╭──

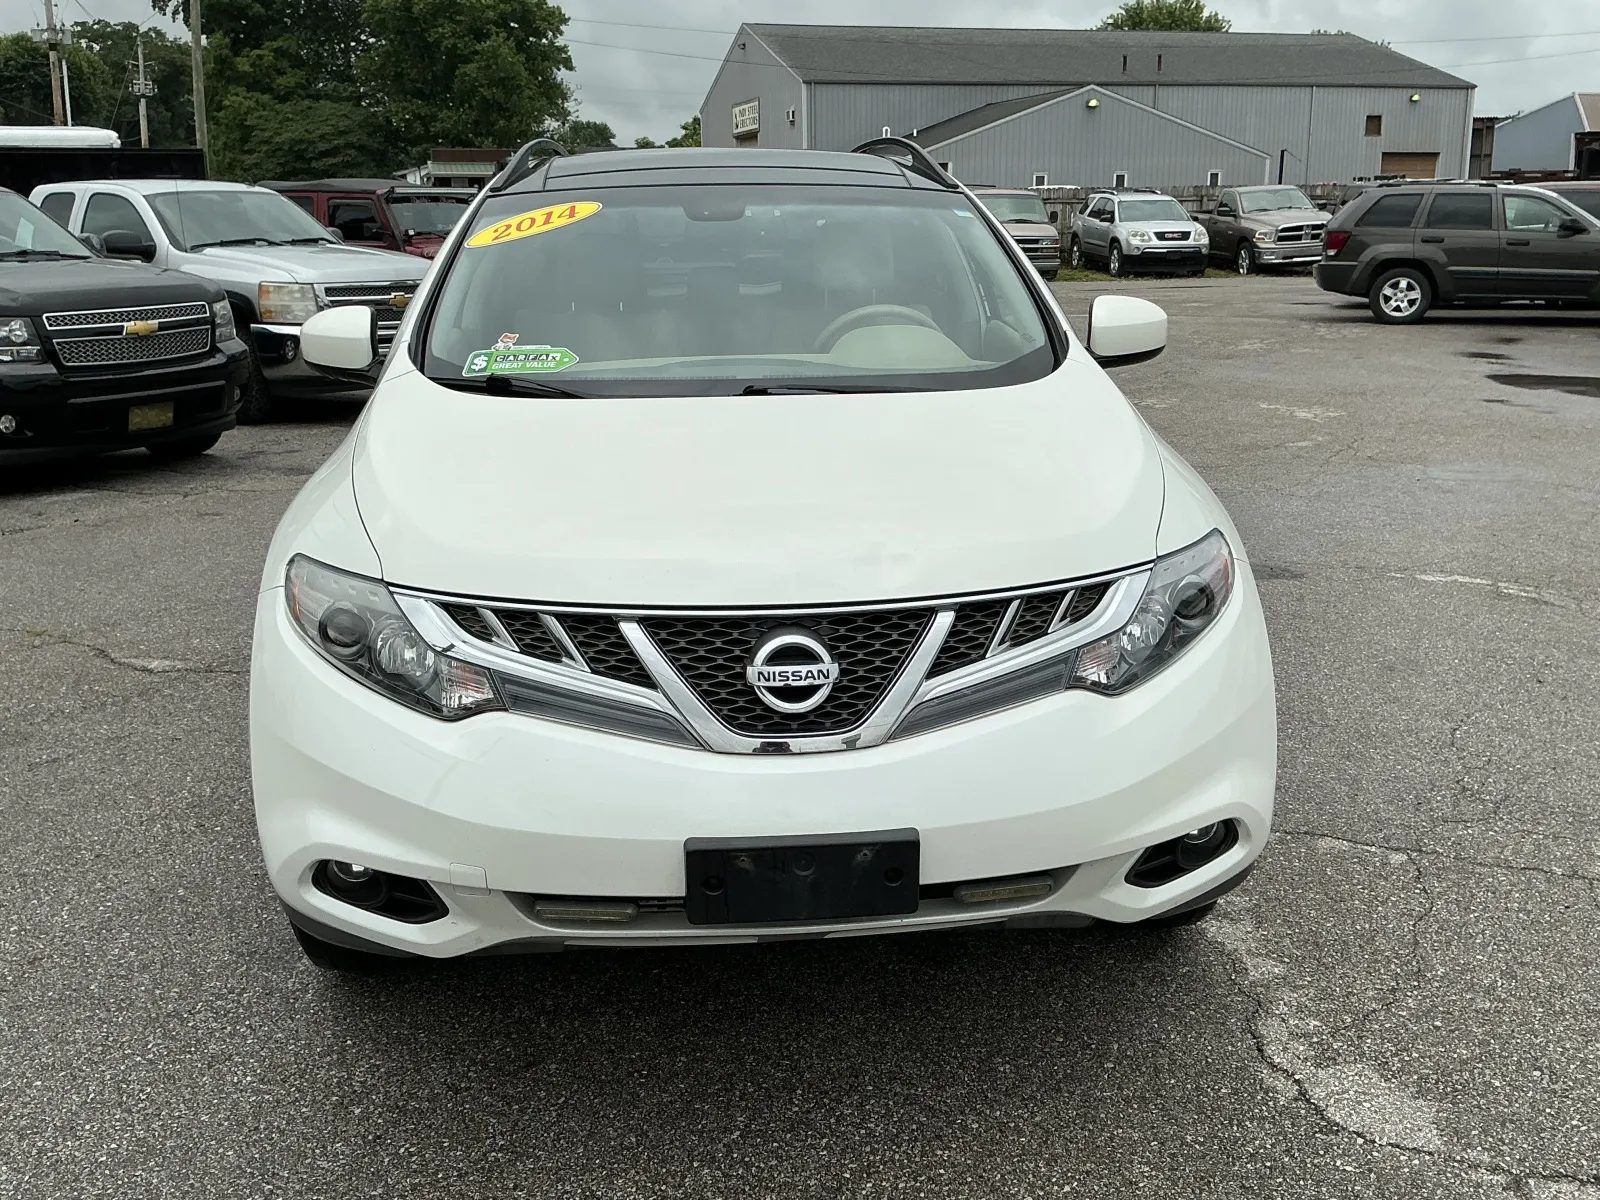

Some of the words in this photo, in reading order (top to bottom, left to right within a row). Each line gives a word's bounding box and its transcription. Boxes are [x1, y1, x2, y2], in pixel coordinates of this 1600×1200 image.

[747, 104, 758, 117] STEEL
[739, 115, 758, 129] ERECTORS
[491, 205, 580, 241] 2014
[495, 353, 560, 362] CARFAX
[491, 361, 522, 370] GREAT
[757, 668, 830, 683] NISSAN

╰──

◆ What this task involves ◆
Make an exact copy of the records above, one that has none of the pictures.

◆ Solution for this exercise ◆
Some of the words in this photo, in reading order (top to bottom, left to right within a row). Each line gives a word's bounding box and its transcription. Boxes are [x1, y1, x2, y2], in pixel coordinates of this 1600×1200 image.

[747, 104, 758, 117] STEEL
[739, 115, 758, 129] ERECTORS
[491, 205, 580, 241] 2014
[495, 353, 560, 362] CARFAX
[491, 361, 522, 370] GREAT
[757, 668, 830, 683] NISSAN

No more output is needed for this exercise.